■ **Entries supplied**
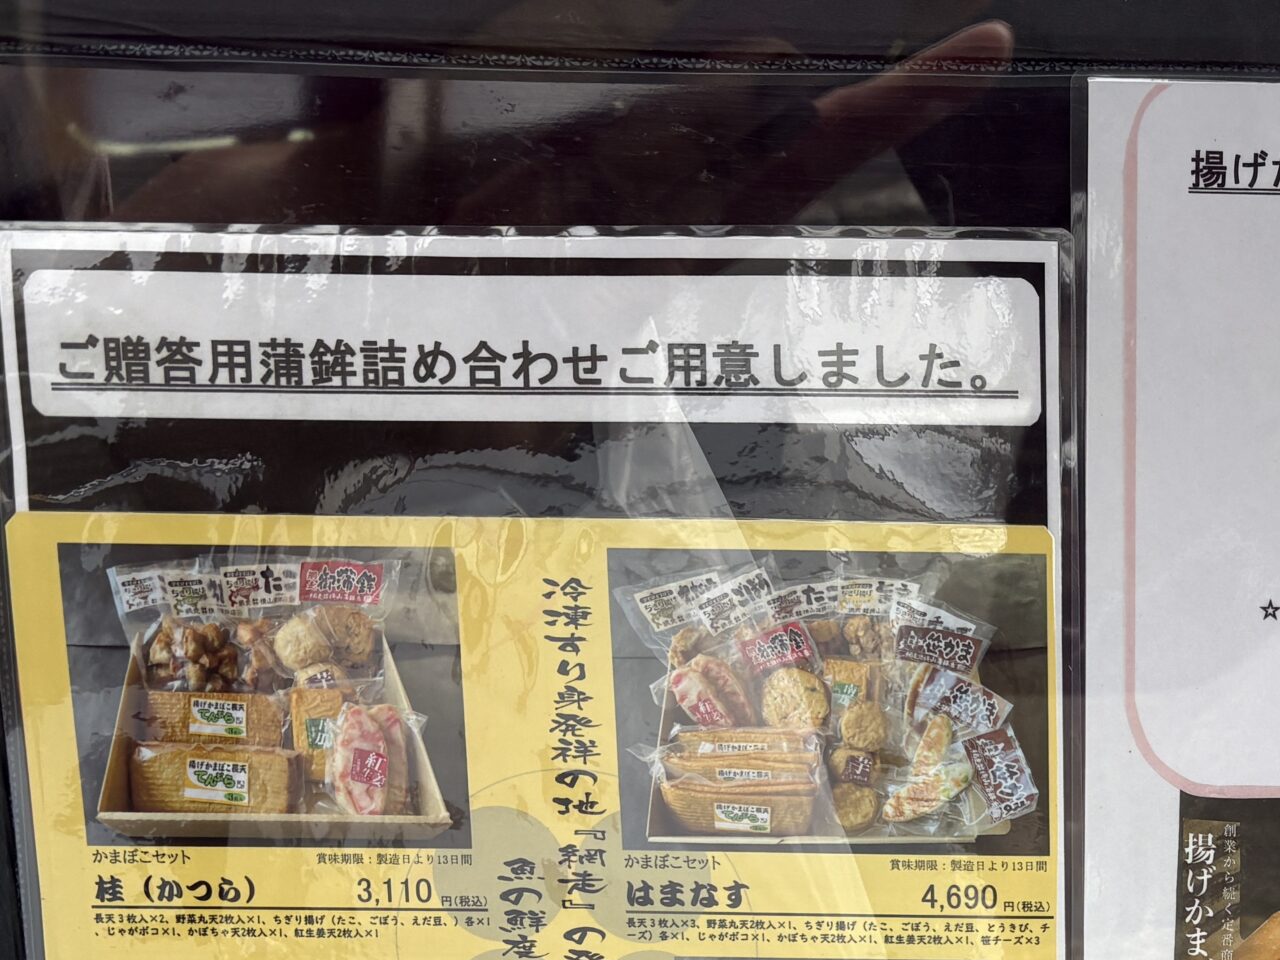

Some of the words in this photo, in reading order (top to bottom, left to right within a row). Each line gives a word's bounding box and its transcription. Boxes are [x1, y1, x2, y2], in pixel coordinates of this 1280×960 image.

[59, 334, 988, 391] ご贈答用蒲鉾詰め合わせご用意しました。
[92, 849, 191, 865] かまぼこセット
[624, 854, 721, 870] かまぼこセット
[626, 880, 750, 908] はまなす

■ **Goal of the exercise**
Print the entries again exactly as they appear above. Do not print the pictures.

■ **Answer below**
Some of the words in this photo, in reading order (top to bottom, left to right within a row). Each line gives a word's bounding box and its transcription. Boxes are [x1, y1, x2, y2], in pixel coordinates of this 1280×960 image.

[59, 334, 988, 391] ご贈答用蒲鉾詰め合わせご用意しました。
[92, 849, 191, 865] かまぼこセット
[624, 854, 721, 870] かまぼこセット
[626, 880, 750, 908] はまなす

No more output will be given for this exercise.